The Winny Obure Foundation is involved in championing for the rights of Women. We do this by running a few projects;

Women's Education
According to the education policy and data center report (2022) At age 15, 15% of girls and 8% of boys are out of school. School participation is highest for girls at age 13 and for boys at age 12. The official primary school entry age in Kenya is age 6. At that age, 36% of girls and 39% of boys are out of school.
Women's Education
Every woman deserves an education! Keeping these young and ambitious women from school is condemning entire generations to a lifetime of poverty and illiteracy. Our goal is to be a center to revive the dreams and ambitions of these resilient women, by offering access to formal education.
Through the “Leave no woman behind” program, we are able to enhance gender equality and equity, promote economic empowerment and reduce poverty rates by providing a life-line to women who were otherwise abandoned by their circumstances, and let go of their dreams & ambitions at an early age.
Pads4Progress
Across Africa, rural women, girls and those living in urban informal settlements or slums do not have ready access to basic quality feminine hygiene products like sanitary pads, tampons, menstrual cups, period underware, or period-pain relieving medication. For the most part, this is because of lack of income.
In Kenya, for instance, buckner.org reports that 65% of females are unable to afford sanitary pads, with up to a million school-age girls missing an average 4 days a month as a result.
In some extreme, but not so uncommon,instances women and girls are forced into‘ transactional sex’ in exchange for feminine hygiene products or money to buy the same.
Pads4Progress
At Winny Obure Foundation, through our #Pads4Progress campaign, we provide feminine hygiene products and menstrual health education to vulnerable girls and young women in schools and communities in the rural areas.
Our goal is to promote proper menstrual health and menstrual hygiene among all women and girls because each and every woman deserves to have their dignity, regardless of their economic backgrounds.
We achieve this through the county level advocacy, lobbying for budget allocation, monitoring and implementation and proper menstrual waste disposal in partnership with local government agencies and community based organizations.
Feminist Leadership
To achieve equity across all genders in Africa, we believe that it is important to bring together community feminist leaders. These strong women have real-time lived experiences and courage in championing the rights of women and girls within their communities.
Through this program, we promote collaboration, capacity building, joint advocacy, skills transfer and mental wellness in order to help women leaders achieve their objectives in a more impactful way.
Feminist Leadership
We seek to forge stronger ties within the grassroots feminist movement (movement building) in Kenya by offering unrestricted seed funding to suitable organisations facilitate project execution.

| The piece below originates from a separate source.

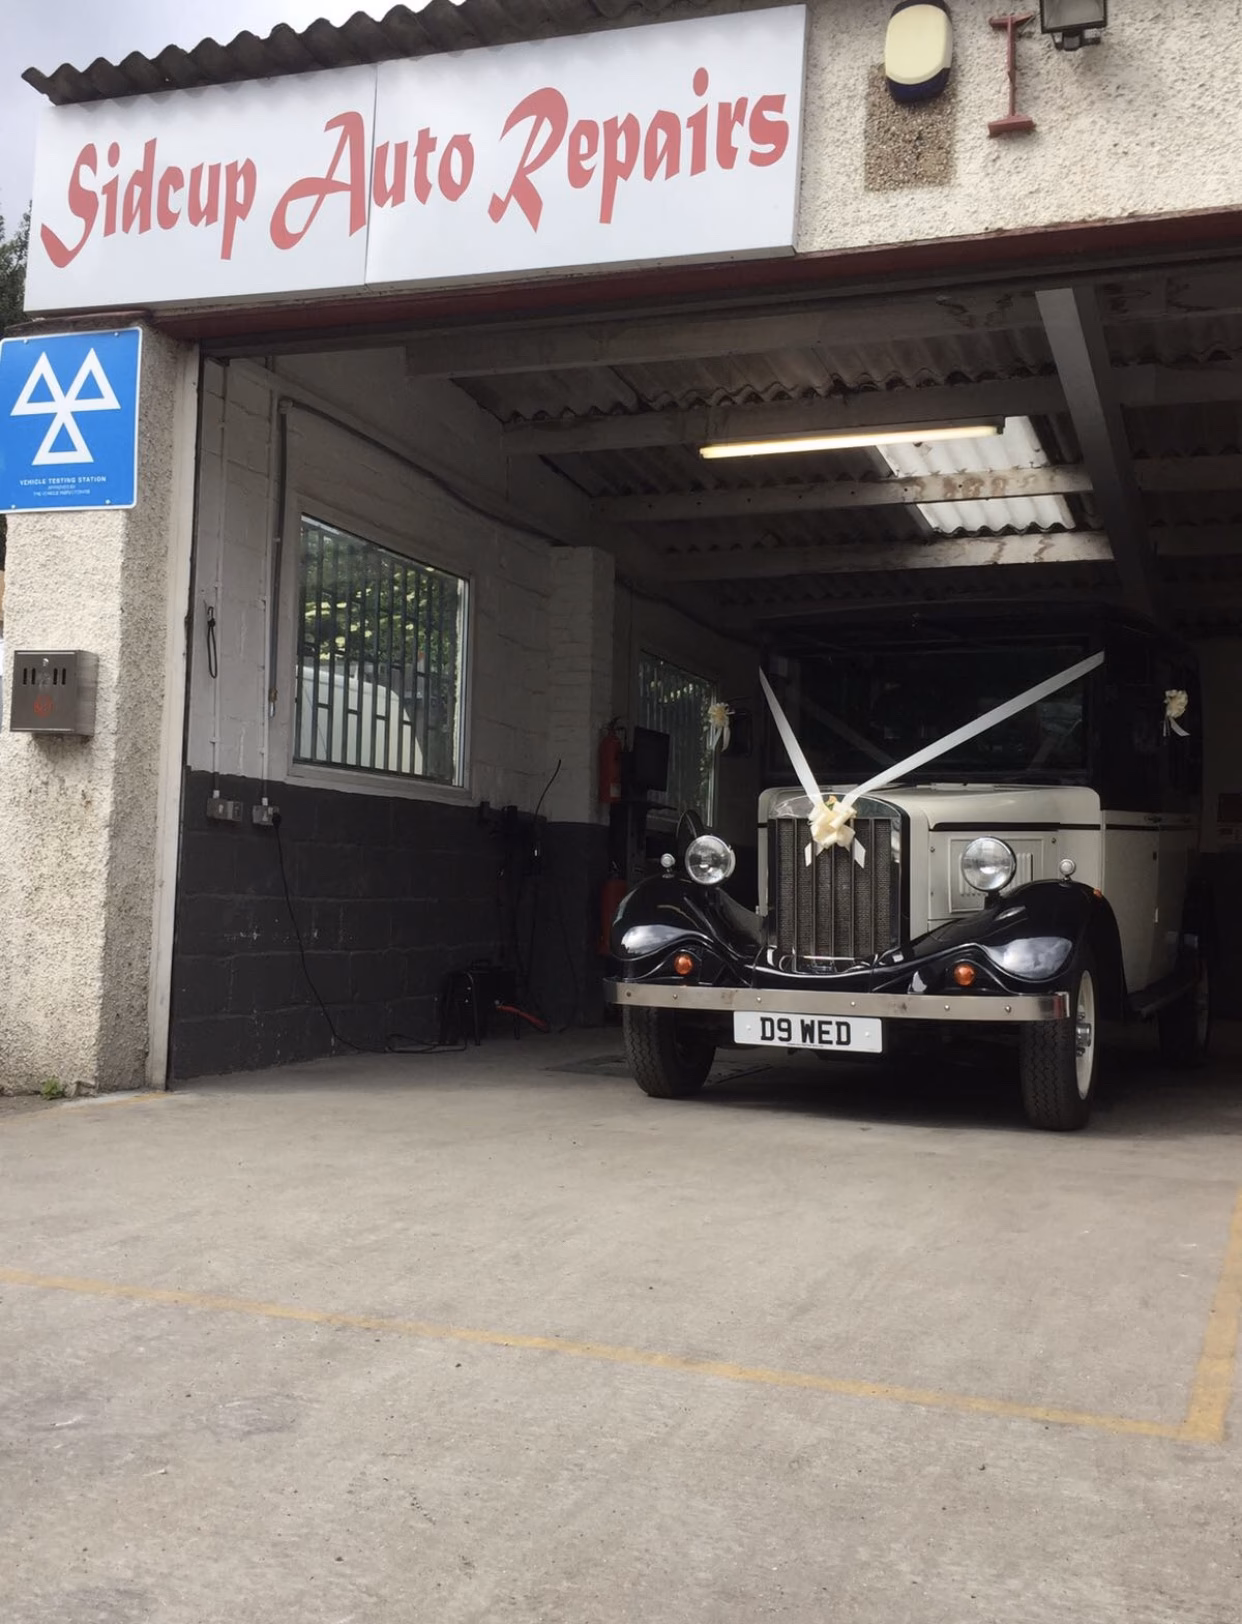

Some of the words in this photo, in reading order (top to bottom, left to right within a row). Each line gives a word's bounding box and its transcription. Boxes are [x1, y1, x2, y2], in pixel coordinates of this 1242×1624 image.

We’re forever engaged in advocacy and championing for
women’s rights, and we hardly ever take time out for a mental reset. It is for this reason that we envision a month’s retreat session for feminist leaders at our African Feminists Center of Leadership and Excellence which we are setting up alongside the Women’s school in Bukoma, Budalang’i, Busia County.

Through this, feminist leaders shall be able to meet and have sharing and intervention sessions in order to take the load off their minds after long periods of back-breaking activism.
Women’s Rescue Center
Women across Africa face sexual and gender-based violence (SGBV) from their spouses, relatives, guardians and caregivers. People whom one would ideally trust, suddenly become the enemy. 1 in every 3 women have experienced one or more forms of sexual violence[1].
1. World Health Organization. “Devastatingly pervasive: 1 in 3 women globally experience violence.” New York 9 (2021).
Women’s Rescue Center
At Winny Obure Foundation, we’re setting up a women and girl’s rescue center to take in and offer support to girls who have fallen victim to sexual and gender-based violence (SGBV). We shall be offering a safe home to survivors of SGBV whose case may still be active in court and could be at risk of retaliation for reporting by their oppressors. This shall also be a port of refuge for women fleeing violent relationships, a safe haven and a home, until they voluntarily feel it is safe enough for them to venture out and start life a new.